### HOW TO COMPLETE THIS TASK:
This exercise calls for the line with "this 1600×1066 image.", the line with "Some of the words", and all lines between them in the material below, output exactly and with no other lines.

### DATA RECORDS:
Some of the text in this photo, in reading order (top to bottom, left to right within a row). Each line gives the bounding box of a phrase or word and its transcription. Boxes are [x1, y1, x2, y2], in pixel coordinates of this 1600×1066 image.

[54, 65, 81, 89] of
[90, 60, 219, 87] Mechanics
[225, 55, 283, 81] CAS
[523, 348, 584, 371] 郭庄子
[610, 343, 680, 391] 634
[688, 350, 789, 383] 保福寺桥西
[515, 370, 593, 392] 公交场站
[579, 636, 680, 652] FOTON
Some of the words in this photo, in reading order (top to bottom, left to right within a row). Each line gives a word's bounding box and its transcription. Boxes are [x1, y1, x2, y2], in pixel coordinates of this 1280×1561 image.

* * *

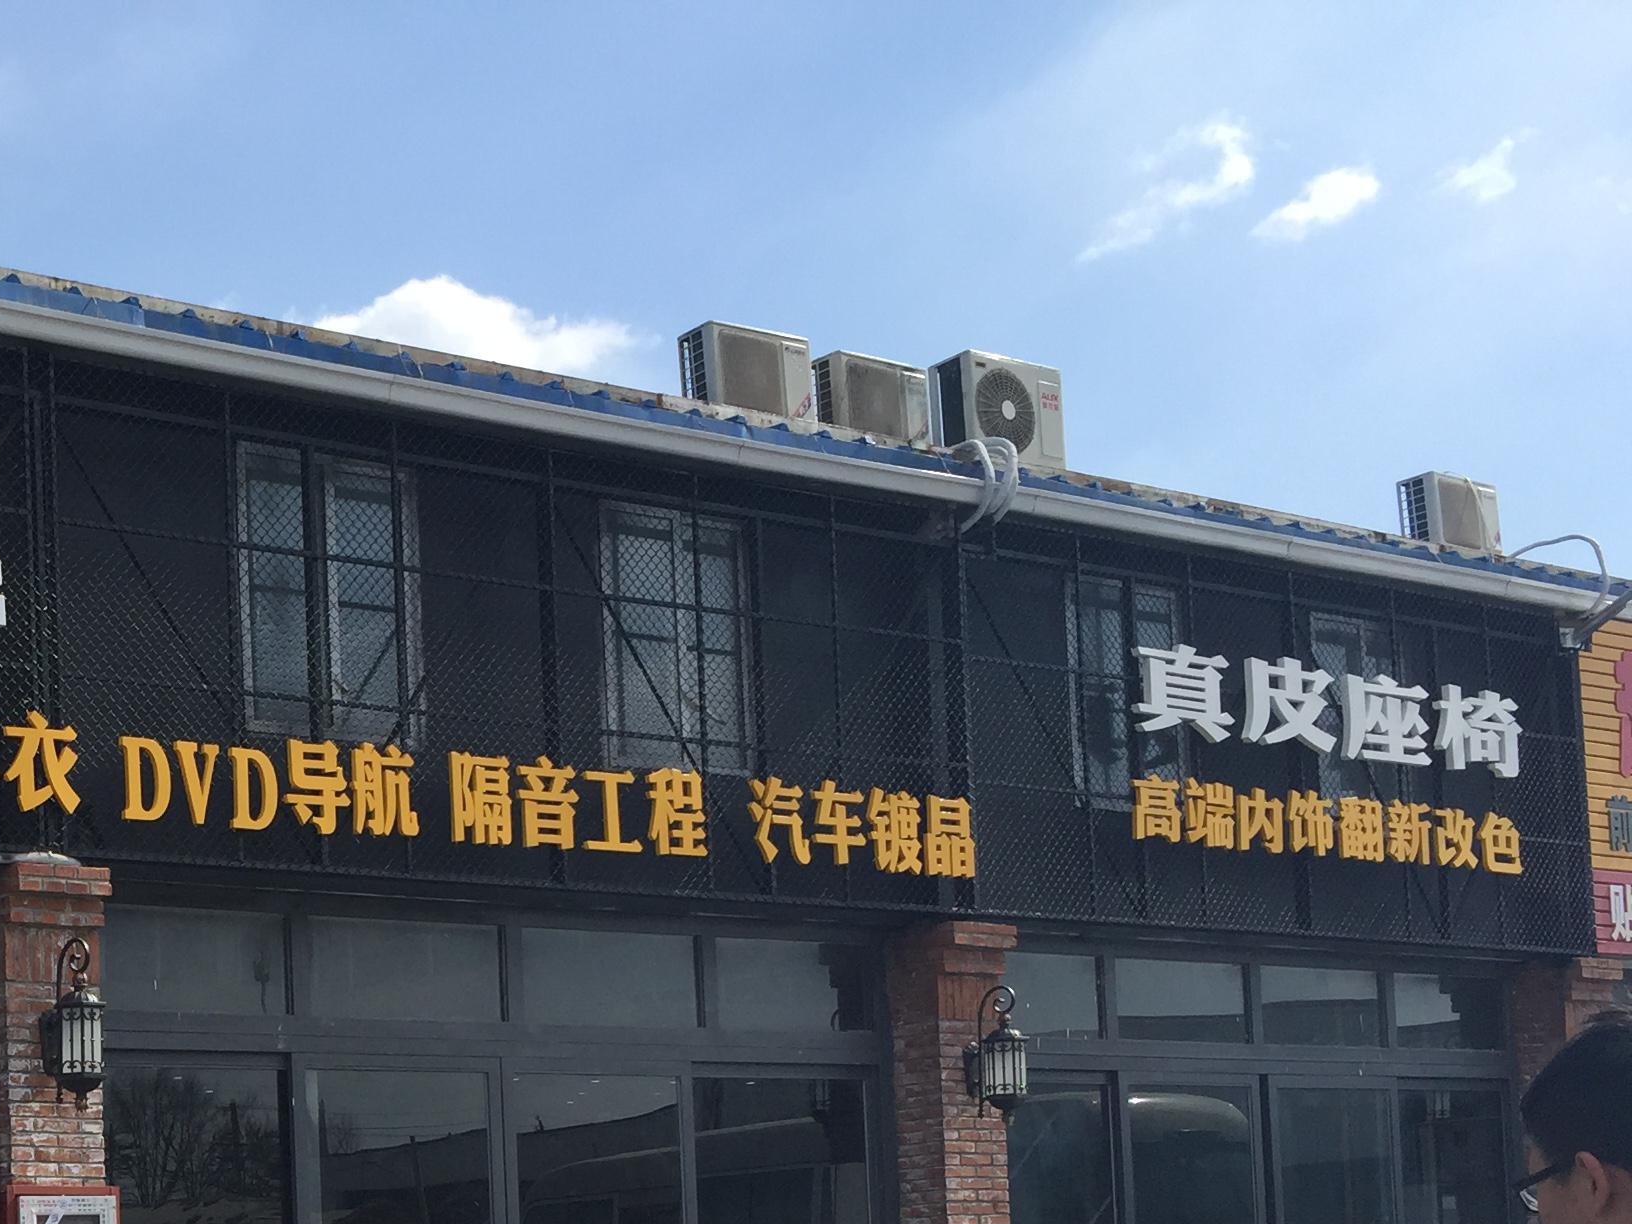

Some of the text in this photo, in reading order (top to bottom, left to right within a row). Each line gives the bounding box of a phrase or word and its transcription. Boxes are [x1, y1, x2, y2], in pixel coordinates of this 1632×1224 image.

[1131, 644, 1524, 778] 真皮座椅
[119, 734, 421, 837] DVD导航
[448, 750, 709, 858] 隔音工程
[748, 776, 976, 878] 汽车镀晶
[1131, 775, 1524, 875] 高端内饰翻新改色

### RESULT FOR THIS TASK:
Some of the text in this photo, in reading order (top to bottom, left to right within a row). Each line gives the bounding box of a phrase or word and its transcription. Boxes are [x1, y1, x2, y2], in pixel coordinates of this 1600×1066 image.

[54, 65, 81, 89] of
[90, 60, 219, 87] Mechanics
[225, 55, 283, 81] CAS
[523, 348, 584, 371] 郭庄子
[610, 343, 680, 391] 634
[688, 350, 789, 383] 保福寺桥西
[515, 370, 593, 392] 公交场站
[579, 636, 680, 652] FOTON
Some of the words in this photo, in reading order (top to bottom, left to right within a row). Each line gives a word's bounding box and its transcription. Boxes are [x1, y1, x2, y2], in pixel coordinates of this 1280×1561 image.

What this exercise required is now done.